The San Diego Padres selected Jacob in the 16th round of the 2021 Major League Baseball draft. He was assigned to the Rookie-level Arizona Complex League Padres to start his professional career before being promoted to the Lake Elsinore Storm of Low-A West. Jacob began the 2022 season with the Fort Wayne TinCaps of the High-A Midwest League, where he won three games and surrendered no earned runs in four appearances before being promoted to the Double-A San Antonio Missions.
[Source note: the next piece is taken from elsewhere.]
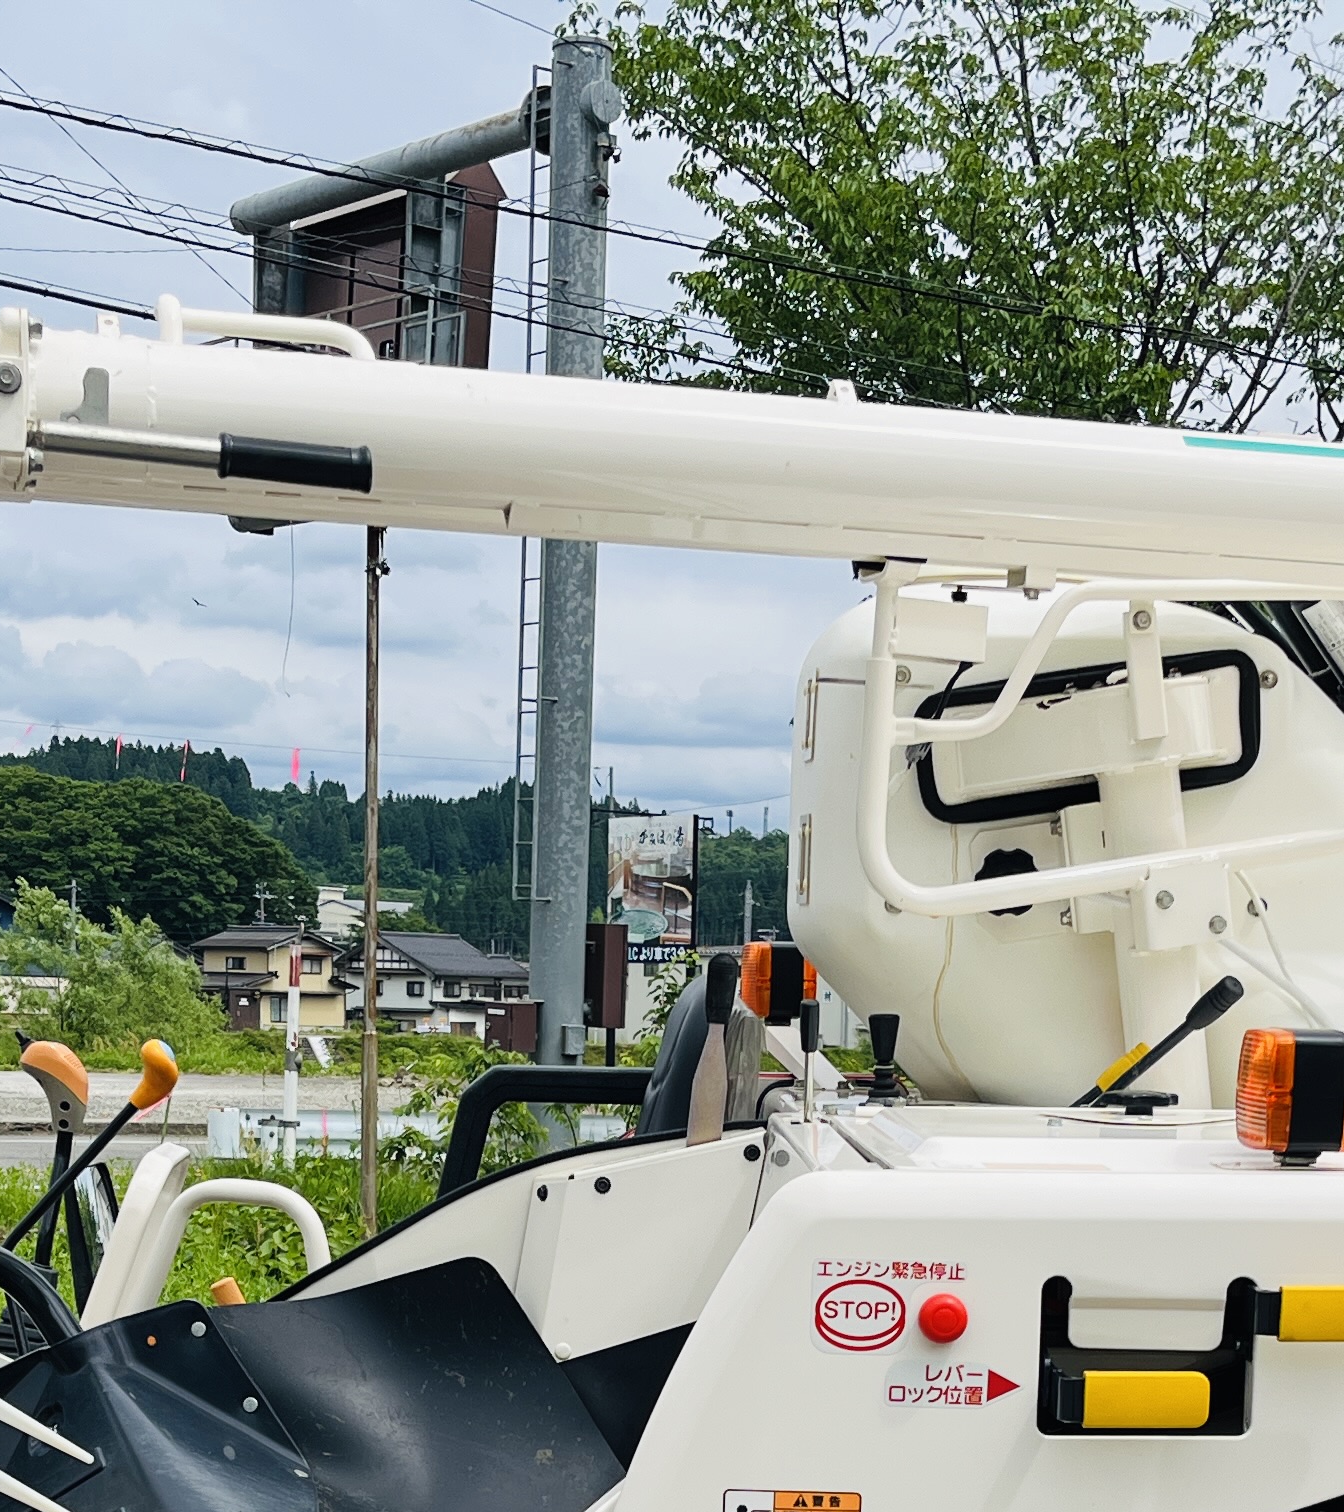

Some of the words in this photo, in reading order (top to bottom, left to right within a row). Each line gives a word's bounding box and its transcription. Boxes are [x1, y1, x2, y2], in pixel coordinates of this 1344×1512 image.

Jacob was assigned to the Double–A San Antonio Missions to begin the 2023 season, where he made 18 appearances and registered a 1.32 ERA with 32 strikeouts and 5 saves in 27 1/3 innings pitched. On July 7, 2023, Jacob was selected to the 40-man roster and promoted to the major leagues for the first time. After three scoreless appearances, Jacob was placed on the injured list with right elbow inflammation on July 22. An MRI later revealed a minor flexor strain and minor UCL sprain in his right elbow, and he was transferred to the 60–day injured list on September 8.

Jacob was optioned to the Triple–A El Paso Chihuahuas to begin the 2024 season. He made seven appearances for San Diego during the regular season, recording a 2.45 ERA with 19 strikeouts across 14 2/3 innings pitched. In 2025, Jacob made 29 appearances out of the bullpen for the Padres, compiling a 1-0 record and 5.13 ERA with 23 strikeouts across 33 1/3 innings pitched.

Jacob was optioned to Triple-A El Paso to begin the 2026 season. He struggled to a 5.40 ERA through three appearances and was designated for assignment on September 23.